Exercise requirements:
Every record below must be returned word for word, with the pictures left out.

Data under study:
>>
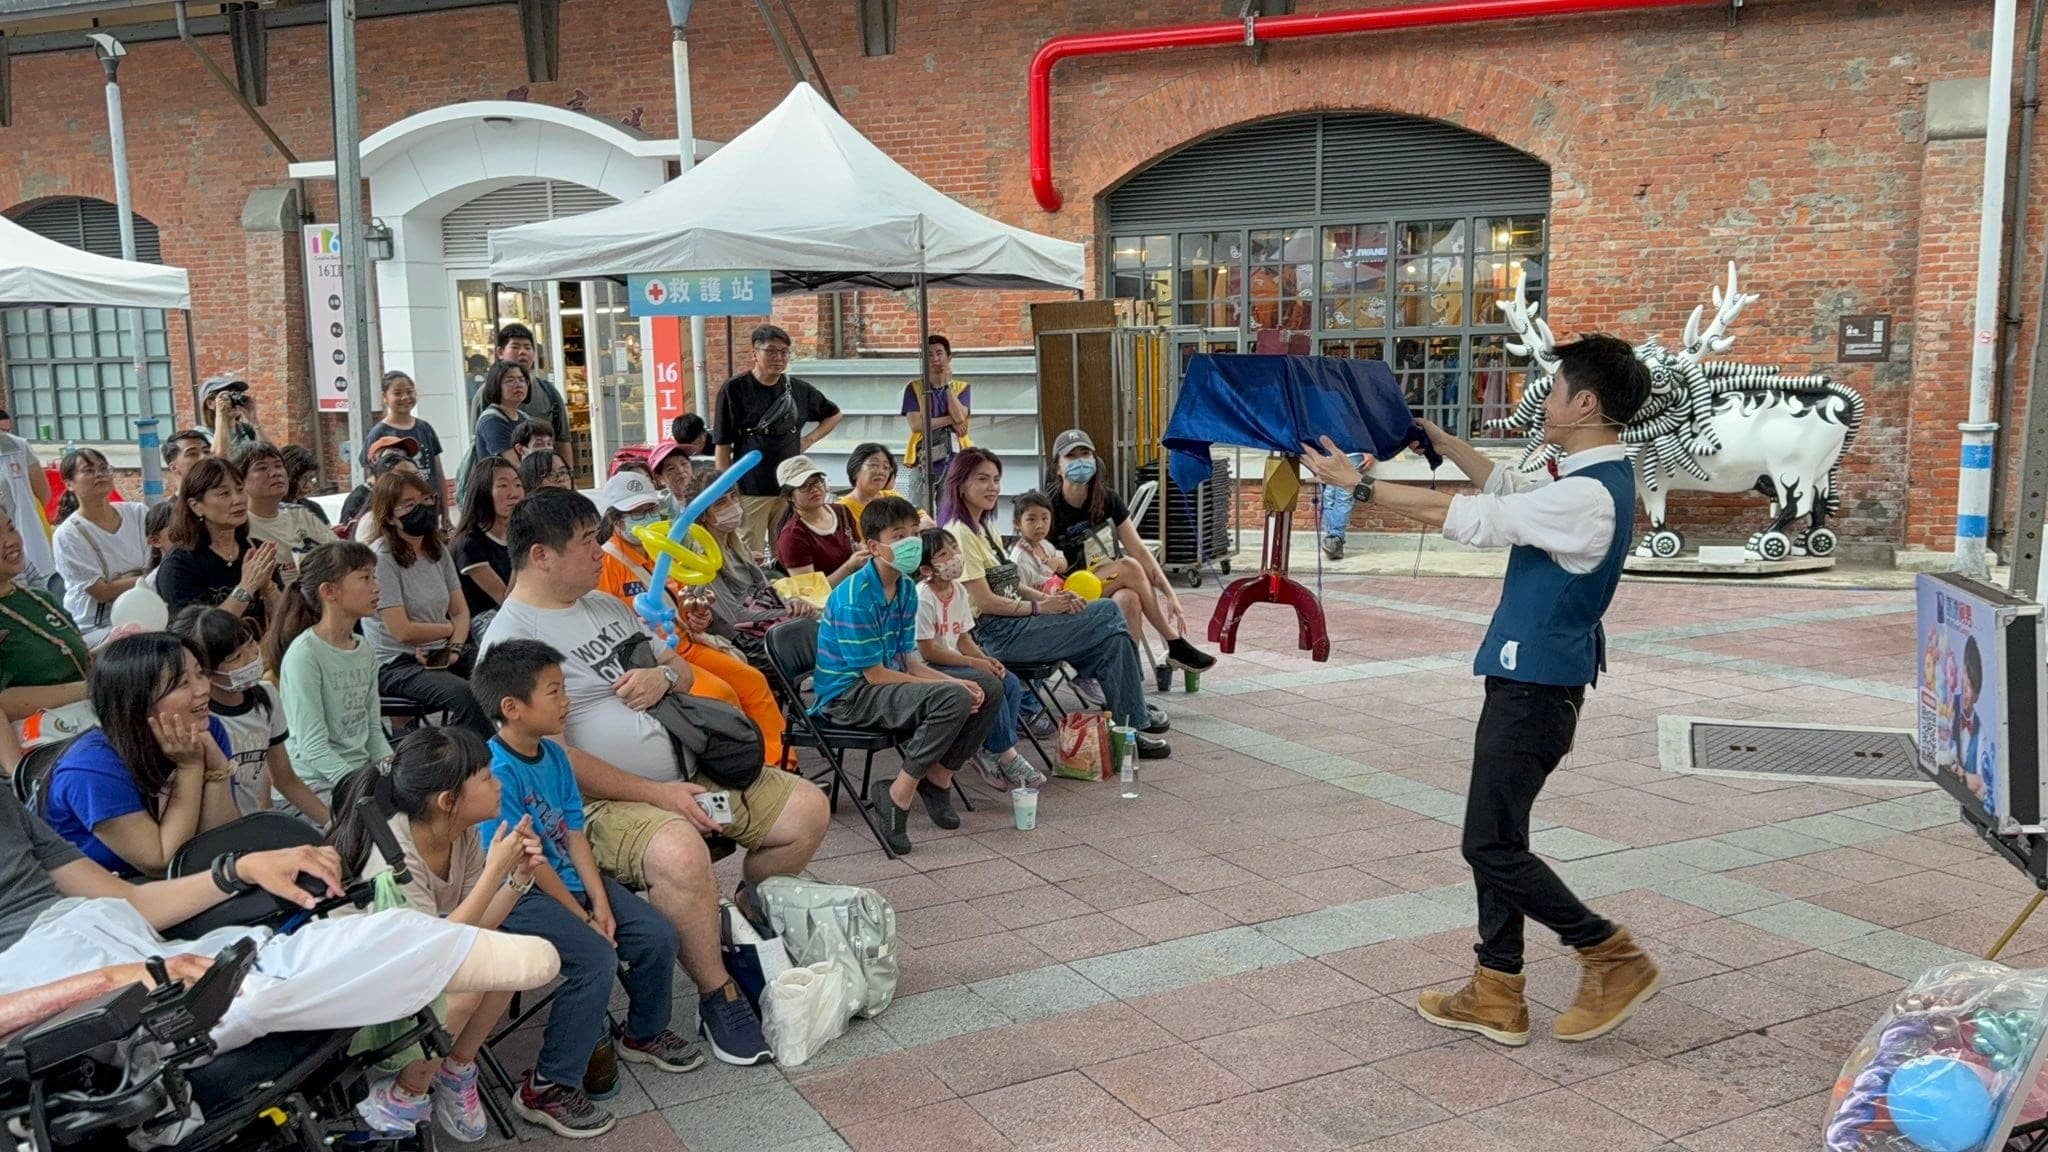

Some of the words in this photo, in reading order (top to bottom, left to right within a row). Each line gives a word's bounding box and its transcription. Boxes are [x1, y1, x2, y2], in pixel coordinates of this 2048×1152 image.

[669, 276, 754, 303] 救護站
[570, 627, 616, 663] WOK
[608, 621, 627, 639] IT
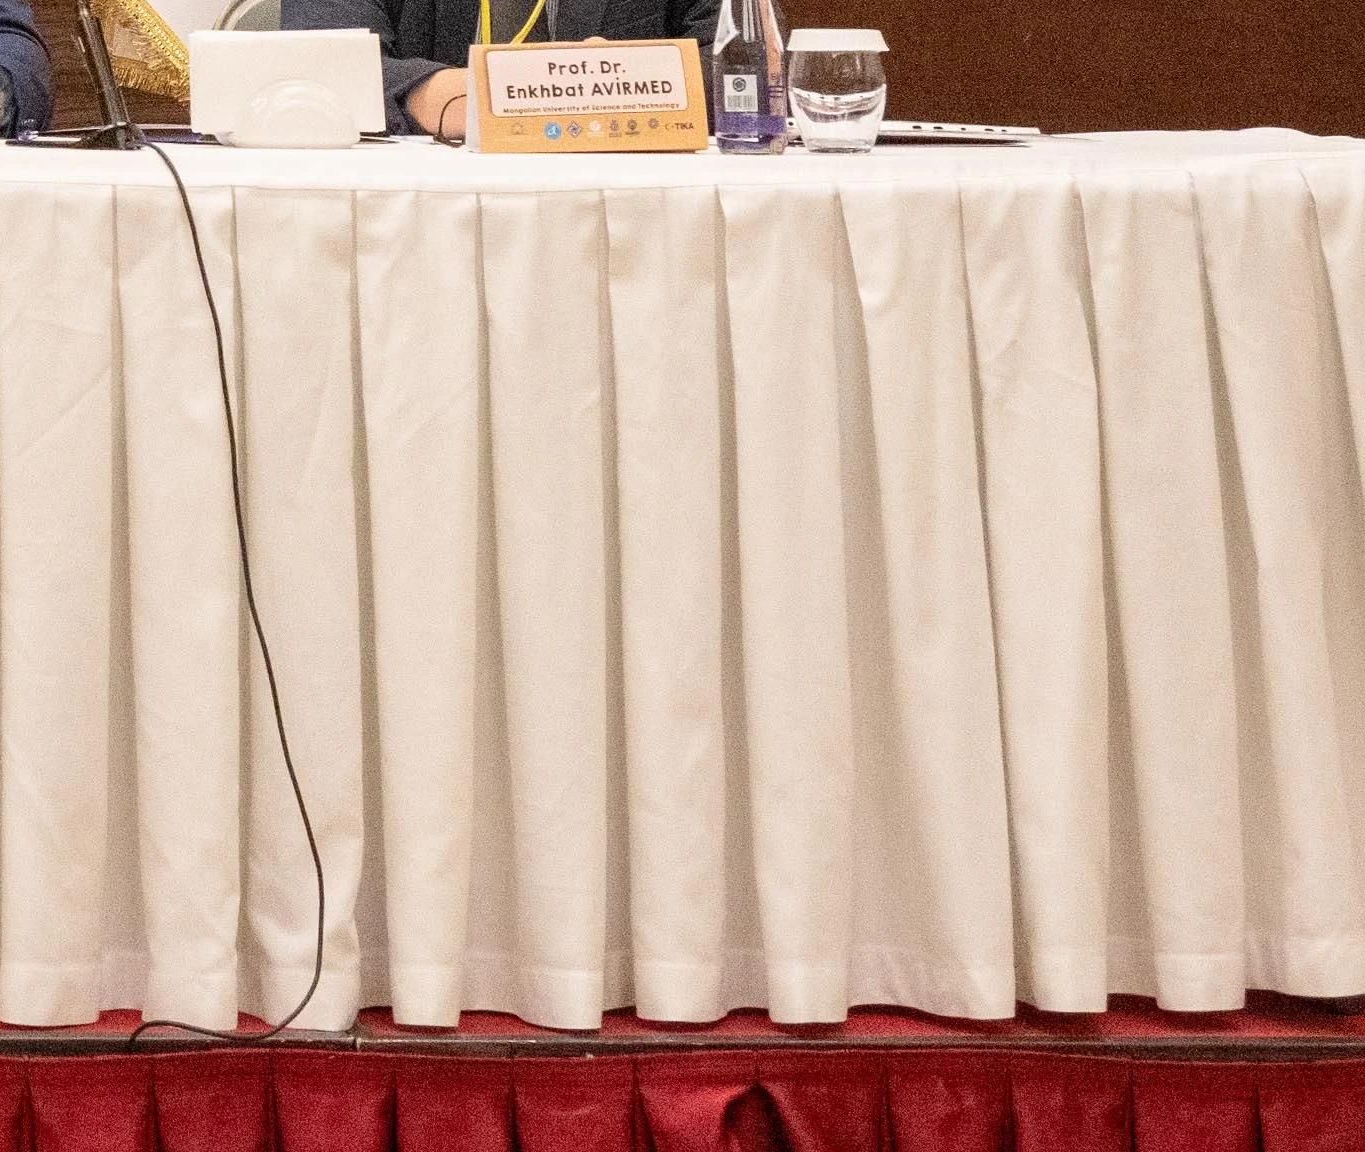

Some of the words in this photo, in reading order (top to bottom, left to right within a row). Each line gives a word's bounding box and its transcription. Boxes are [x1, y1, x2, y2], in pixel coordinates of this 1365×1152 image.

[548, 60, 595, 76] Prof.
[600, 60, 626, 74] Dr.
[506, 83, 584, 99] Enkhbat
[591, 77, 673, 97] AVİRMED
[543, 105, 580, 113] University
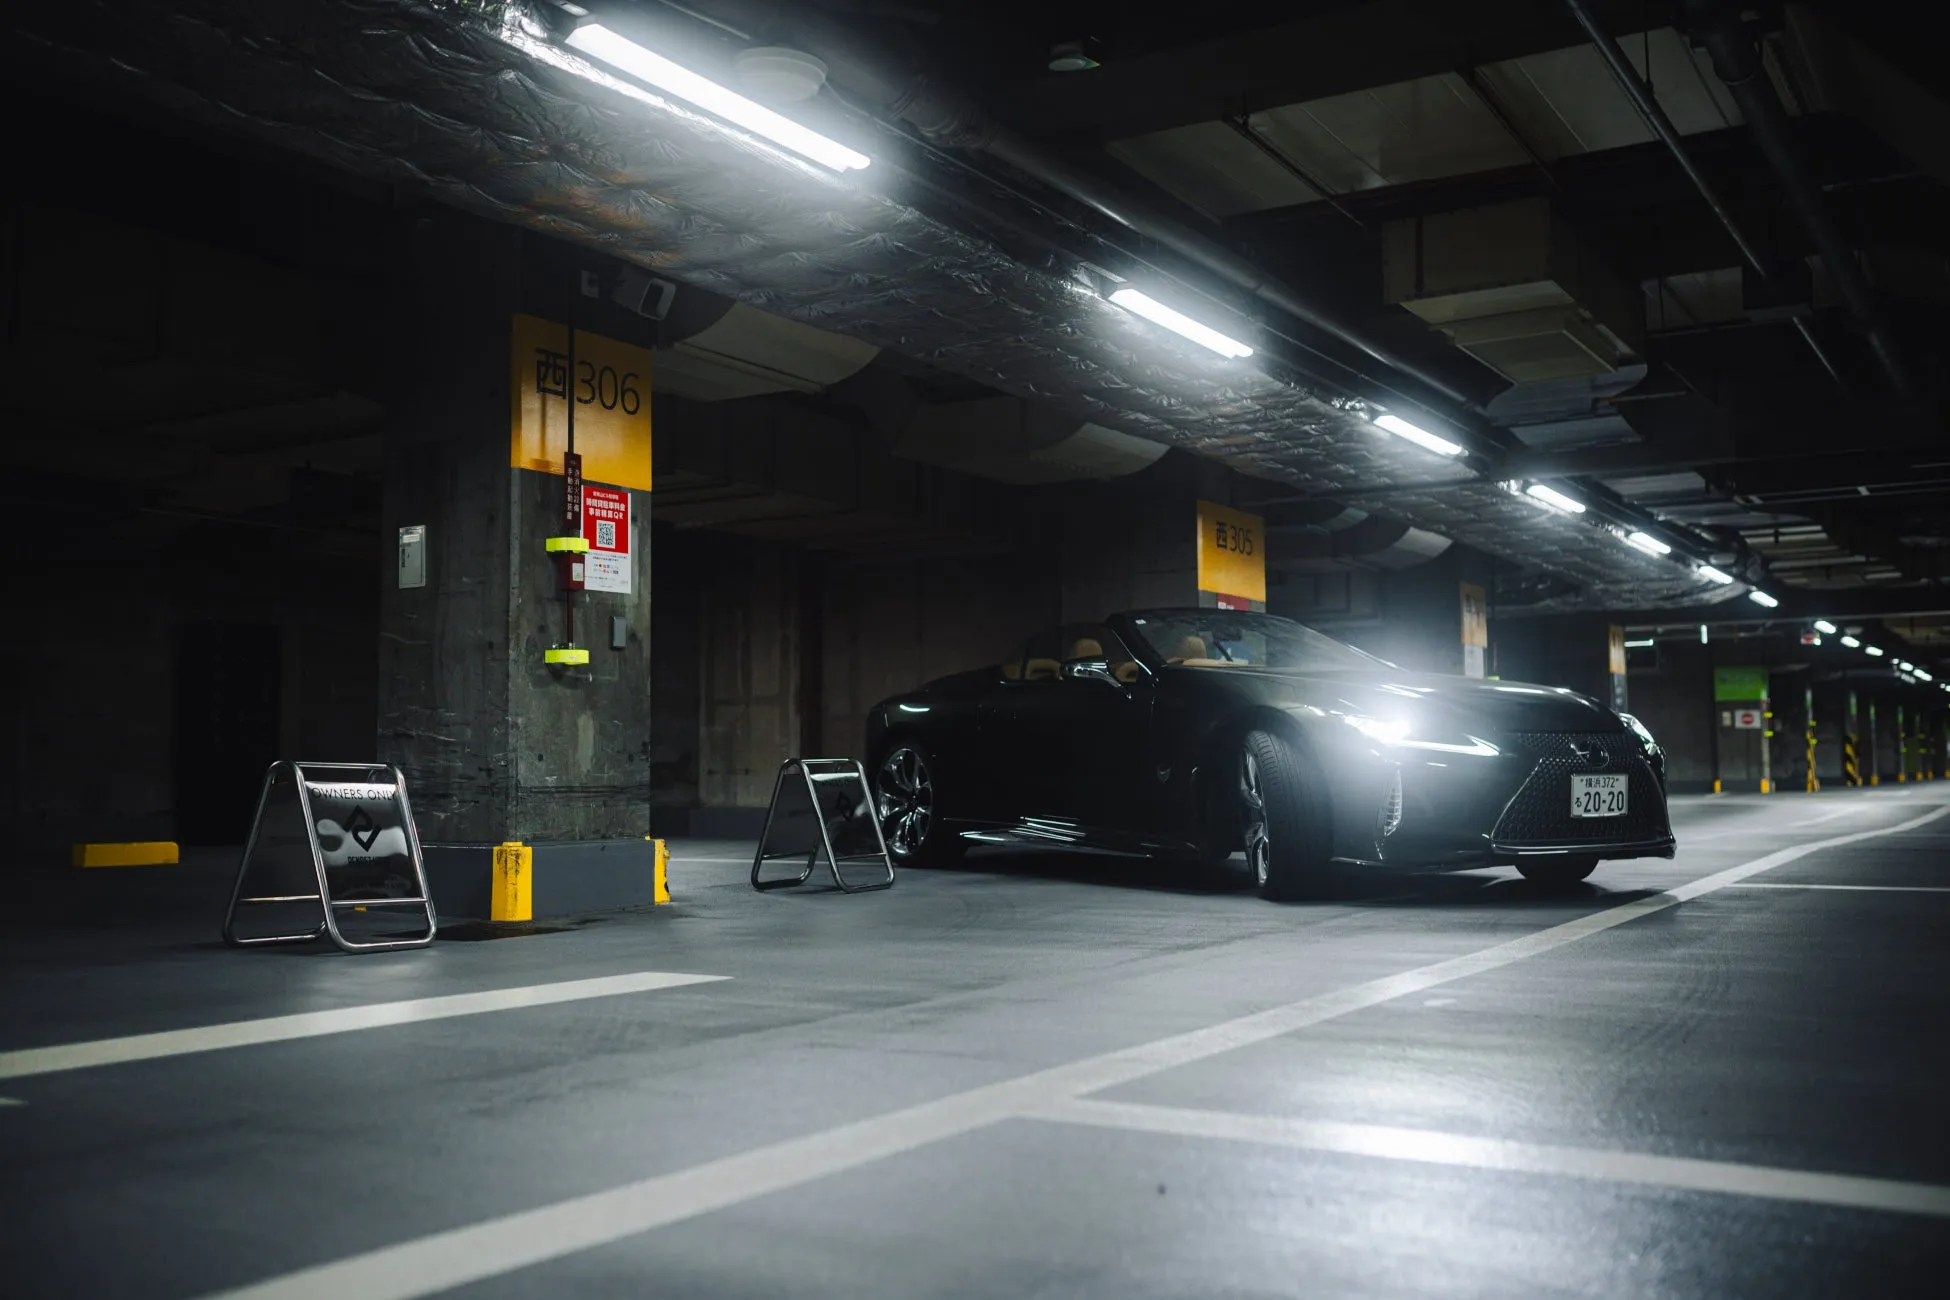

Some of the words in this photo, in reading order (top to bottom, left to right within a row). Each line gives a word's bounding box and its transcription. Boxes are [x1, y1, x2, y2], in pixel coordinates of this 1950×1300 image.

[312, 787, 364, 800] OWNERS
[367, 789, 397, 801] ONLY
[1574, 797, 1583, 808] る
[1583, 791, 1625, 813] 20-20
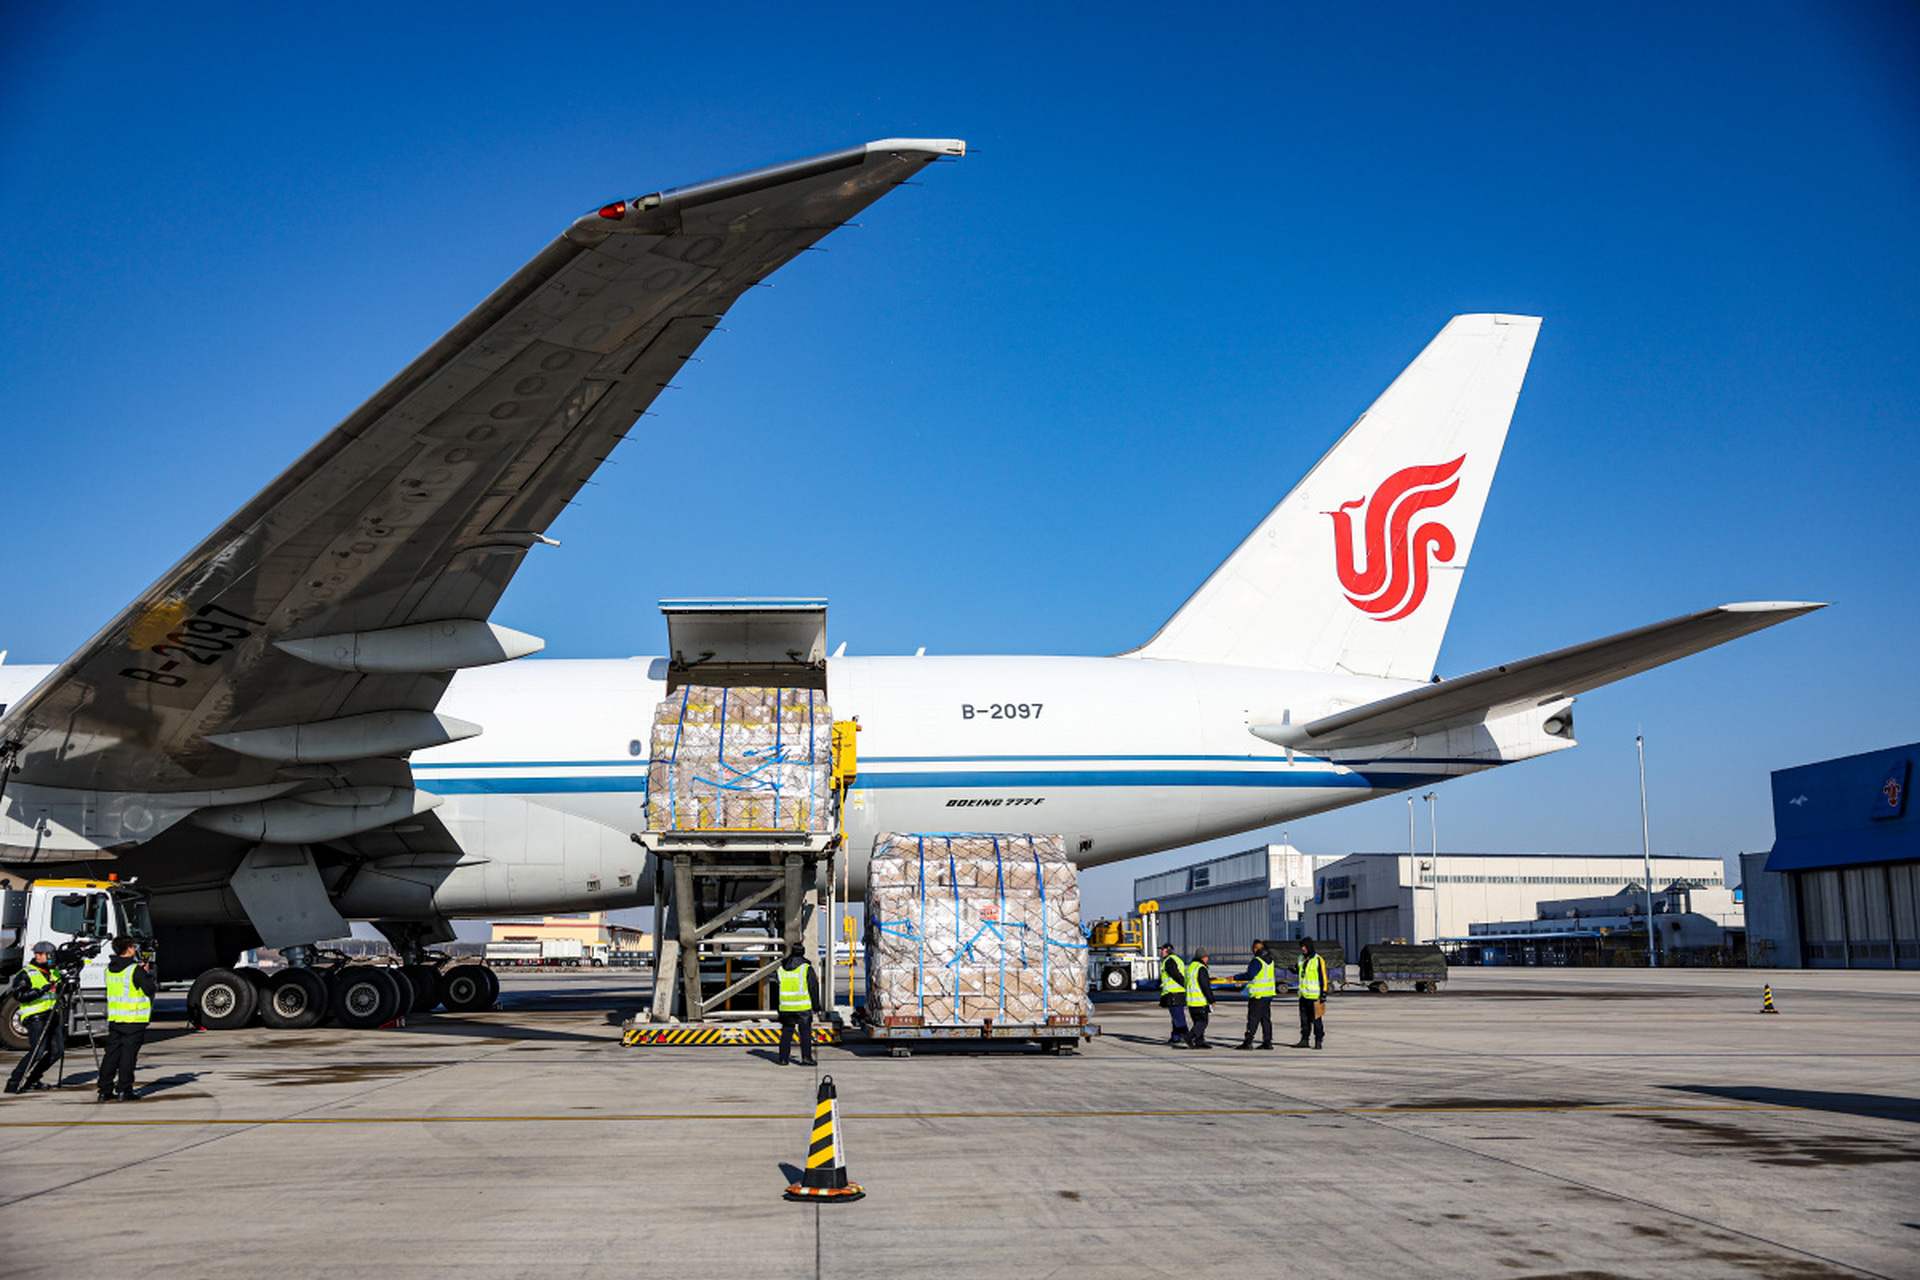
<<
Task result:
Some of the words in this photo, in reading order (top to bottom, left to right within a row). Each line gives a word's bounding box and its transcription. Boxes are [x1, y1, x2, y2], in pixel coordinates of this 2048×1152 image.

[669, 276, 754, 303] 救護站
[570, 627, 616, 663] WOK
[608, 621, 627, 639] IT

Some of the words in this photo, in reading order (top to bottom, left to right within a row). Each line gives a word's bounding box and its transcription. Boxes are [x1, y1, x2, y2], in pixel coordinates of this 1365×1152 image.

[548, 60, 595, 76] Prof.
[600, 60, 626, 74] Dr.
[506, 83, 584, 99] Enkhbat
[591, 77, 673, 97] AVİRMED
[543, 105, 580, 113] University

Some of the words in this photo, in reading order (top to bottom, left to right within a row). Each line gives a word's bounding box and its transcription. Boxes are [x1, y1, x2, y2], in pixel coordinates of this 1950×1300 image.

[312, 787, 364, 800] OWNERS
[367, 789, 397, 801] ONLY
[1574, 797, 1583, 808] る
[1583, 791, 1625, 813] 20-20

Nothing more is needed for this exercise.